Of the 42 households, 26.2% had children under the age of 18; 45.2% were married couples living together; 23.8% had a female householder with no spouse or partner present. 19.0% of households consisted of individuals and 11.9% had someone living alone who was 65 years of age or older. The average household size was 1.8 and the average family size was 2.2. The percent of those with a bachelor's degree or higher was estimated to be 3.5% of the population.

17.6% of the population was under the age of 18, 4.7% from 18 to 24, 22.4% from 25 to 44, 32.9% from 45 to 64, and 22.4% who were 65 years of age or older. The median age was 48.5 years. For every 100 females, there were 77.1 males. For every 100 females ages 18 and older, there were 94.4 males.

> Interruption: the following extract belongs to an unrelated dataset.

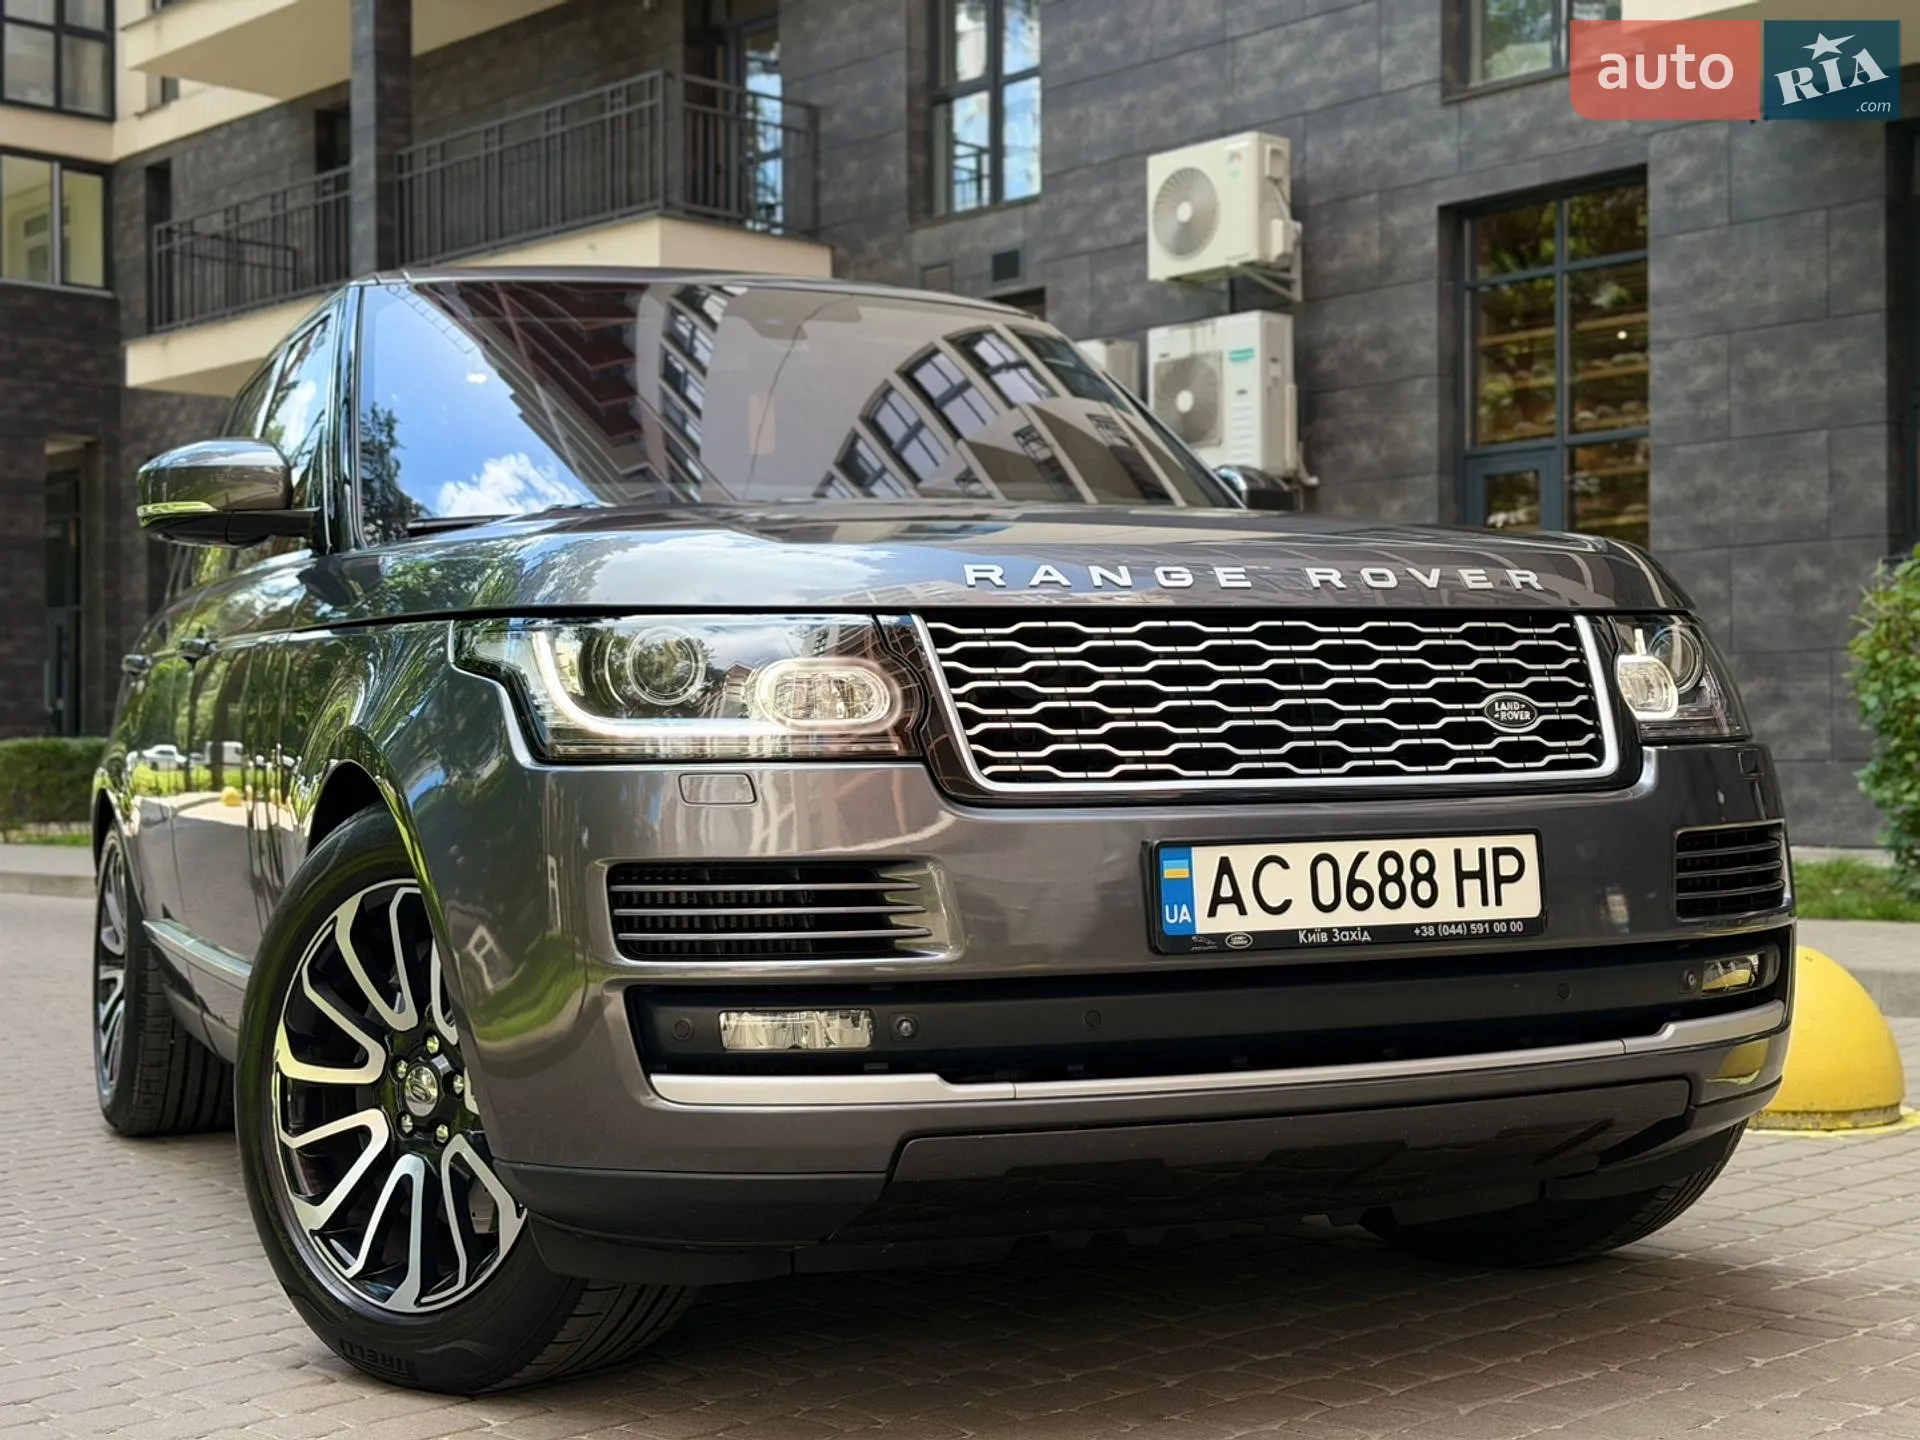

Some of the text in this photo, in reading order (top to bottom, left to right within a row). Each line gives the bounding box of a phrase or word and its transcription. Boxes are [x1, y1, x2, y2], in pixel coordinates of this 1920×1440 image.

The 2016–2020 5-year American Community Survey estimates show that the median household income was $45,000 (with a margin of error of +/- $23,960) and the median family income was $50,417 (+/- $25,190). Females had a median income of $21,667 (+/- $14,587). The median income for those above 16 years old was $22,250 (+/- $17,987). Approximately, 15.8% of families and 29.9% of the population were below the poverty line, including 100.0% of those under the age of 18 and 0.0% of those ages 65 or over.

===2010 census===
As of the census of 2010, there were 79 people, 39 households, and 20 families residing in the city. The population density was 246.9 PD/sqmi. There were 51 housing units at an average density of 159.4 /sqmi. The racial makeup of the city was 100.0% White.

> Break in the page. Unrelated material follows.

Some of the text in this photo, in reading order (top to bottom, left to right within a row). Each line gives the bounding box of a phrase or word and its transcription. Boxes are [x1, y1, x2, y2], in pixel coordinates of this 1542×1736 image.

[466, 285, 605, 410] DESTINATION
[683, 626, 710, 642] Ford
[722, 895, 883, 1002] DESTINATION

There were 39 households, of which 15.4% had children under the age of 18 living with them, 48.7% were married couples living together, 2.6% had a male householder with no wife present, and 48.7% were non-families. 38.5% of all households were made up of individuals, and 18% had someone living alone who was 65 years of age or older. The average household size was 2.03 and the average family size was 2.75.

The median age in the city was 52.4 years. 12.7% of residents were under the age of 18; 10.1% were between the ages of 18 and 24; 15.2% were from 25 to 44; 35.4% were from 45 to 64; and 26.6% were 65 years of age or older. The gender makeup of the city was 51.9% male and 48.1% female.

===2000 census===
As of the census of 2000, there were 95 people, 43 households, and 28 families residing in the city. The population density was 299.3 PD/sqmi. There were 51 housing units at an average density of 160.7 /sqmi. The racial makeup of the city was 94.74% White, 1.05% Asian, 1.05% from other races, and 3.16% from two or more races. Hispanic or Latino of any race were 5.26% of the population.

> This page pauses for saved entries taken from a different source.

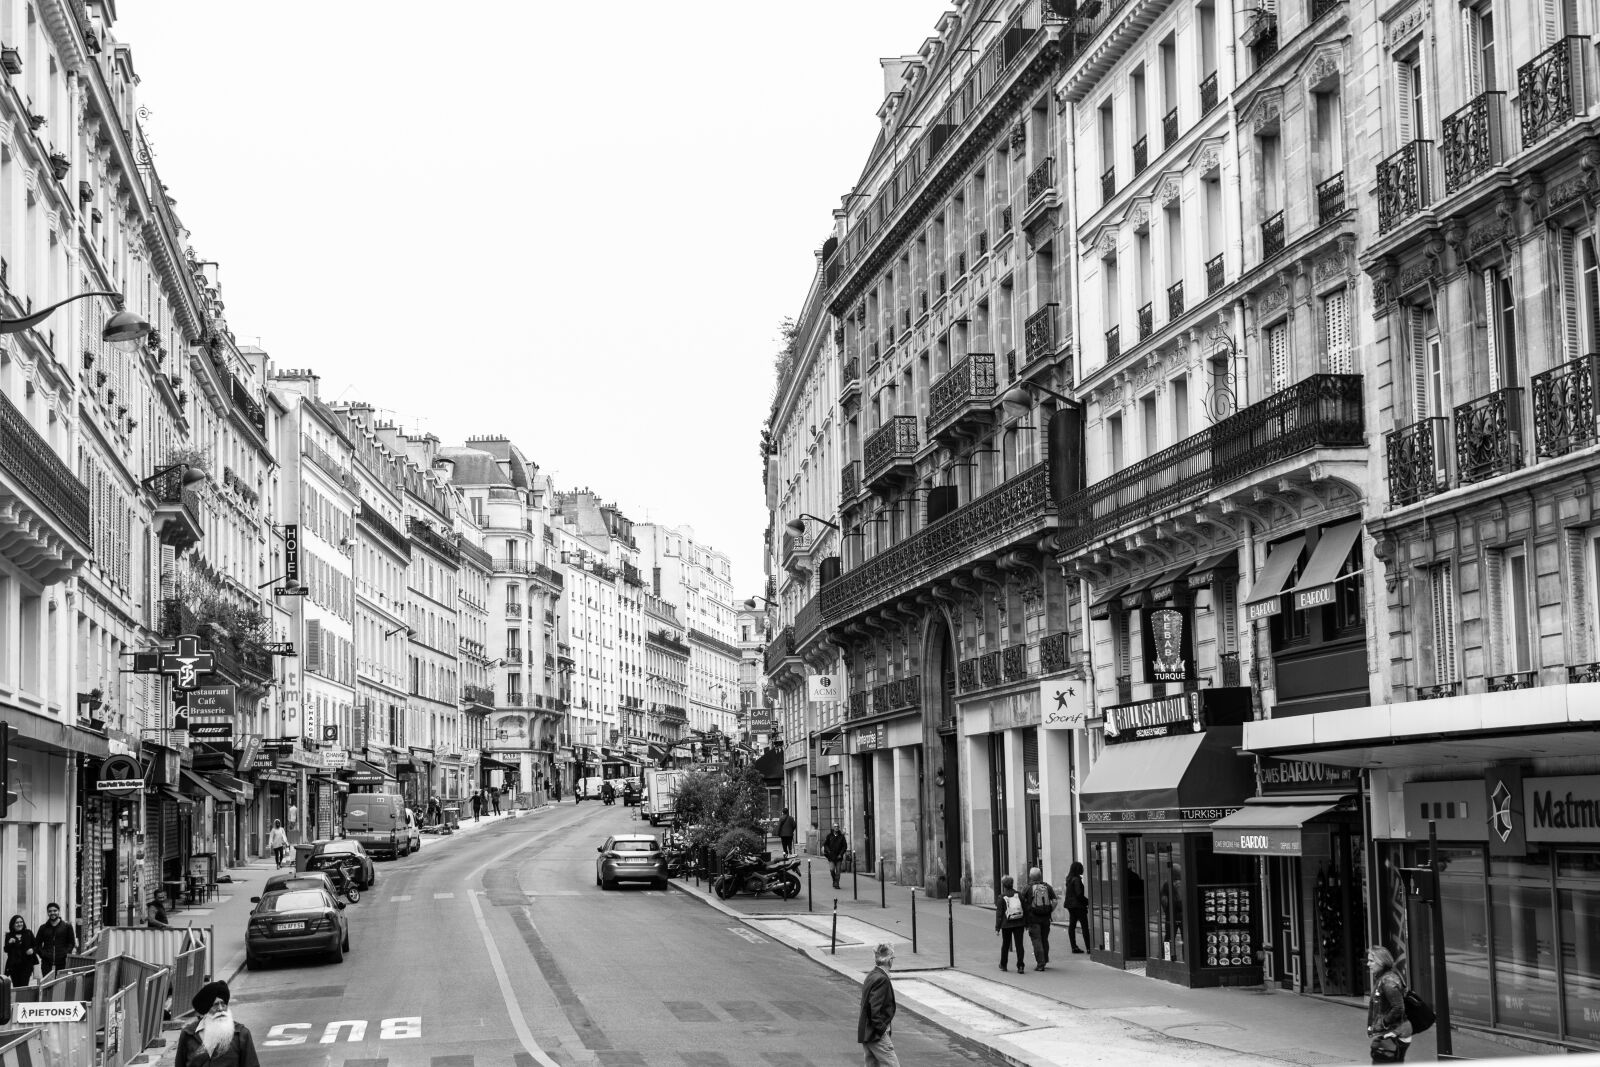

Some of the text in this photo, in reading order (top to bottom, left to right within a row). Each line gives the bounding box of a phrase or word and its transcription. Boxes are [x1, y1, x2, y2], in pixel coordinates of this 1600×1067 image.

[286, 528, 297, 578] HOTE
[1300, 588, 1330, 607] BARDOU
[1250, 600, 1276, 618] BARDOU
[1163, 614, 1172, 657] KEBAB
[1154, 672, 1186, 681] TURQUE
[814, 688, 837, 696] ACMS
[198, 697, 216, 705] Café
[190, 707, 226, 715] Brasserie
[1280, 761, 1324, 782] BARDOU
[1182, 809, 1223, 819] TURKISH
[1240, 835, 1269, 849] BARDOU
[28, 1008, 72, 1016] PIETONS
[262, 1015, 422, 1047] BUS

There were 43 households, out of which 20.9% had children under the age of 18 living with them, 48.8% were married couples living together, 11.6% had a female householder with no husband present, and 32.6% were non-families. 32.6% of all households were made up of individuals, and 20.9% had someone living alone who was 65 years of age or older. The average household size was 2.21 and the average family size was 2.72.

In the city, the population was spread out, with 22.1% under the age of 18, 4.2% from 18 to 24, 20.0% from 25 to 44, 29.5% from 45 to 64, and 24.2% who were 65 years of age or older. The median age was 46 years. For every 100 females, there were 97.9 males. For every 100 females age 18 and over, there were 111.4 males.

The median income for a household in the city was $20,000, and the median income for a family was $28,750. Males had a median income of $13,125 versus $12,500 for females. The per capita income for the city was $12,654. There were 23.1% of families and 33.7% of the population living below the poverty line, including 87.5% of under eighteens and 5.9% of those over 64.

==Education==
The community is served by Chase–Raymond USD 401 public school district.